The masks :


     For the Dogon, the village space guarantees order and security. On the other hand, the ambivalence of the bush is notorious. It can be both dangerous and beneficial. It is the world of the invisible. There are all types of evil spirits roaming about. But the bush is also a source of life where food and medicinal plants abound. Wild animals have gifts for clairvoyance. When a Dogon travels and sleeps in the bush, his totem-animal (Ba-Binu - see page 21) will look after him.

     It is on the occasion of a Dama that new masks are carved. The fibres for the costumes are prepaired and painted in the bush. Whereas the wooden headpieces may be carved, hidden from the sight of others, in the village. To attain their full magical powers, they are to be submitted to various rituals. In Sangha, the Wala Banga is to make a sacrifice for all masks on the mask altar (Wala). The owners of the masks do not assist. Each individual, however, will make sacrifices on his private altar in order to seek protection against sorcery. In some other villages, mask owners may want to seek protection through the intervention of mask dignitaries at Yougo Dogorou.

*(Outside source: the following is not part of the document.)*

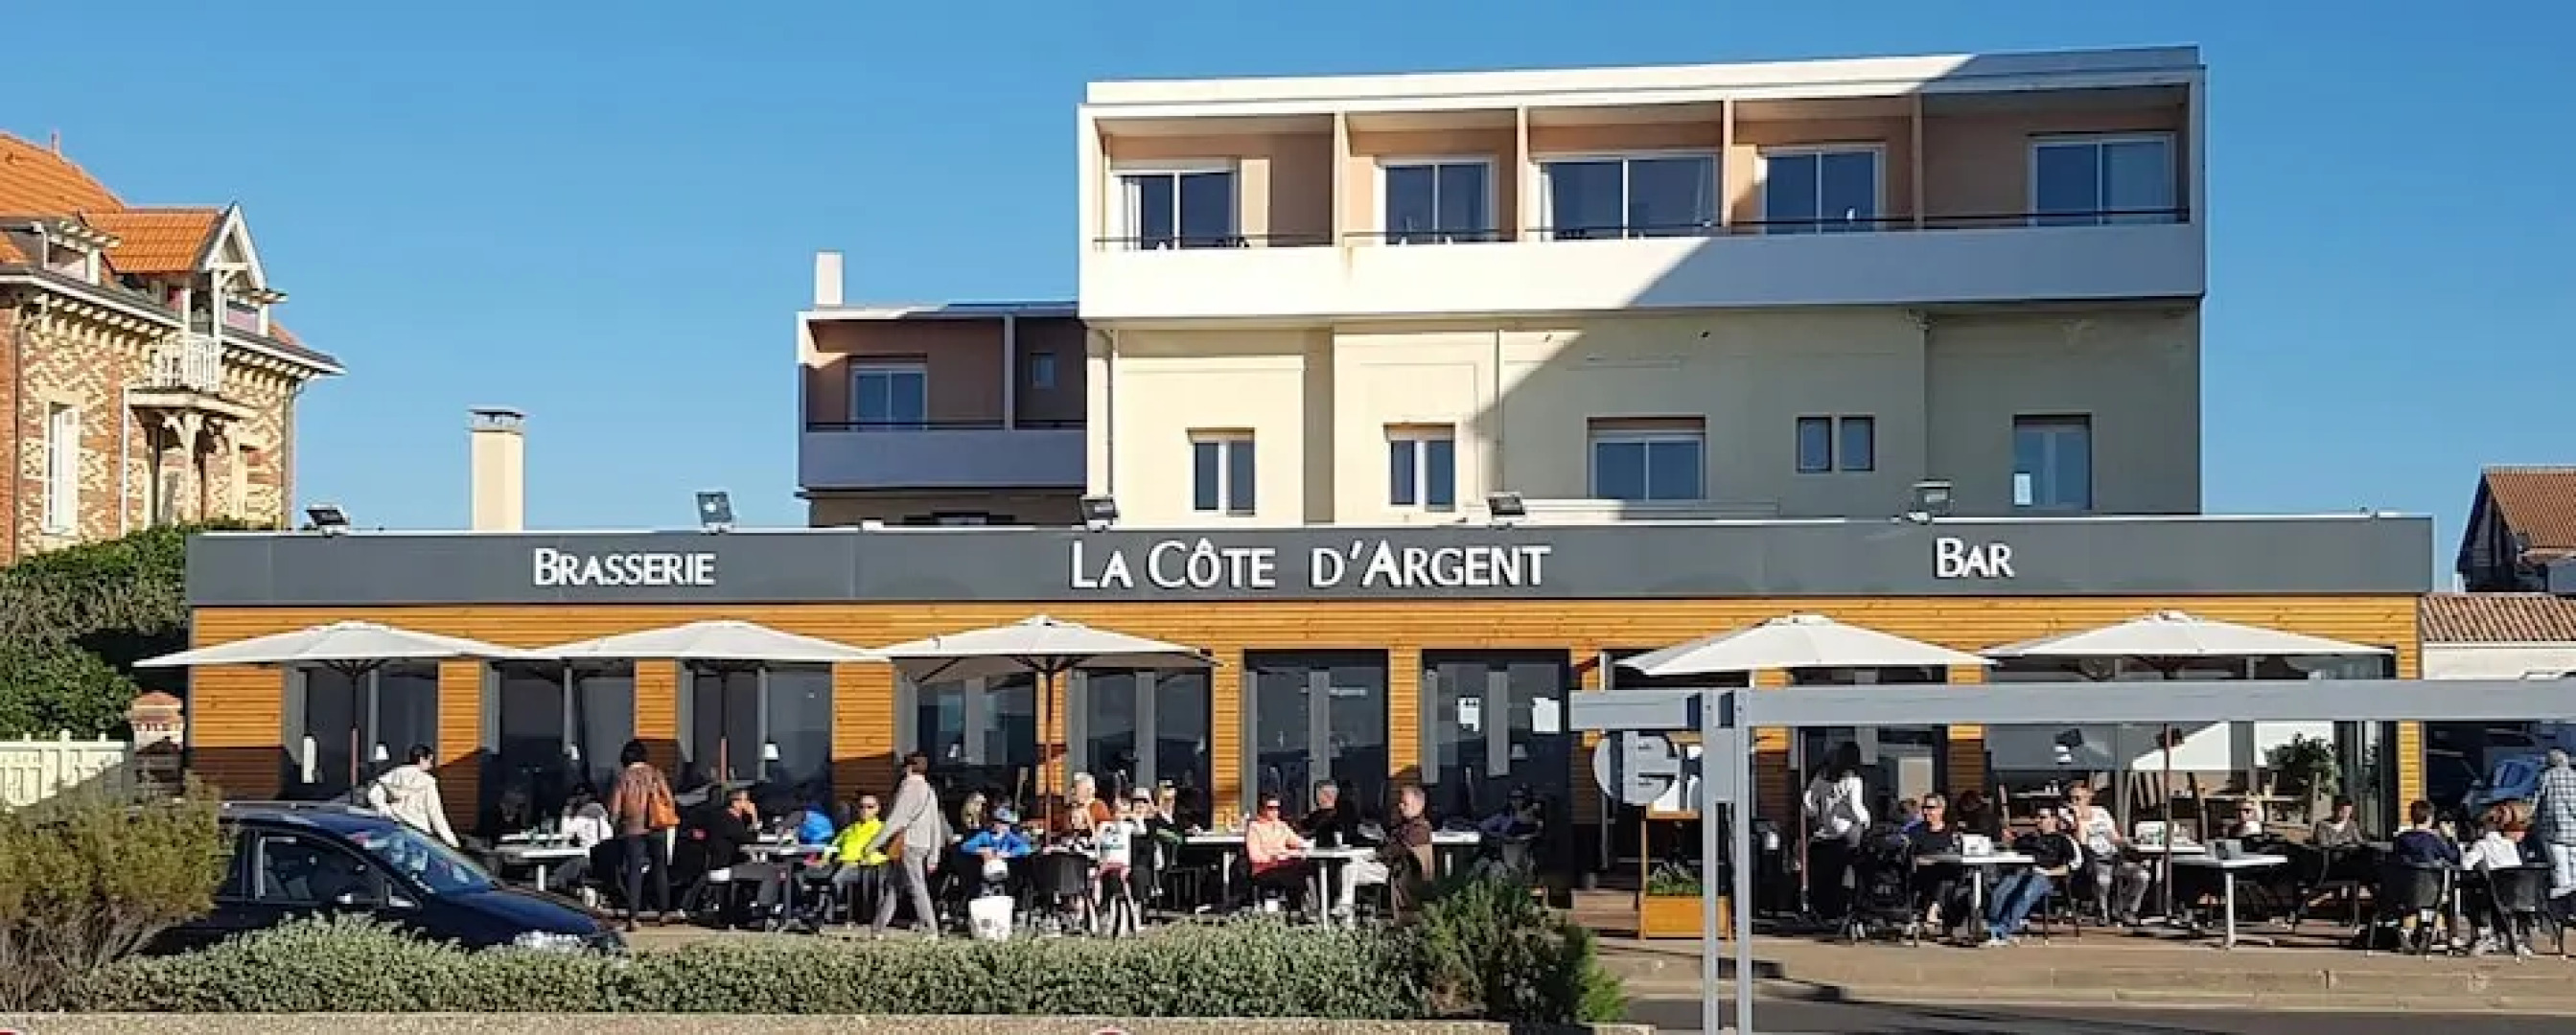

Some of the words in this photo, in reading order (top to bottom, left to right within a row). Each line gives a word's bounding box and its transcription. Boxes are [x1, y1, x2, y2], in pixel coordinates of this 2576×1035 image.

[534, 547, 715, 586] BRASSERIE
[1072, 540, 1133, 587] LA
[1148, 537, 1276, 587] CÔTE
[1936, 537, 2015, 578] BAR

     Today mask carving outside a ritual context has become frequent. The sale of such objects to tourists is no problem at all. But the sale of a mask that is still "active" in a ritual sense must be done with utmost care and requires ritual precautions.

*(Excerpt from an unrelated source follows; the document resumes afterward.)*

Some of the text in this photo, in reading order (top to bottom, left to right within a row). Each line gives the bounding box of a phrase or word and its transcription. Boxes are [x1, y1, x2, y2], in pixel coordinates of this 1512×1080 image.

     Dogon myths as related by Marcel Griaule give a good idea as to the significance of certain masks :

     Mask Satimbe : This mask represents the woman who, in mythical times, captured the old Albarga and stole the masks from the Andumbulu ( supernatural beings). One day in the bush she surprised them dancing. They fled and left behind their masks and costumes made of red fibres. She disguised herself with it and returned to where she came from. The men from her village took it all away from her (Albarga included) and hid everything in a cave, for example, the sacred cave of Albarga at Yougo Dogorou (see pages 13 & 37).

sangha : satimbe masks
sangha : satimbe masks
sangha : satimbe masks

     According to certain traditions the name of the lady is Yayeme and she came originally from the village of Yendouma. Following these events, the woman who discovered the masks was nominated "Ya Sigine" (the sister of the masks). Today the "Ya Sigine" priestess is the only woman who plays an active role during masked rituals. She is also the sole woman for whom masked dances will be performed at her funeral. Women are completely excluded from all mask-related rituals. During masked dances, they watch on from a fair distance.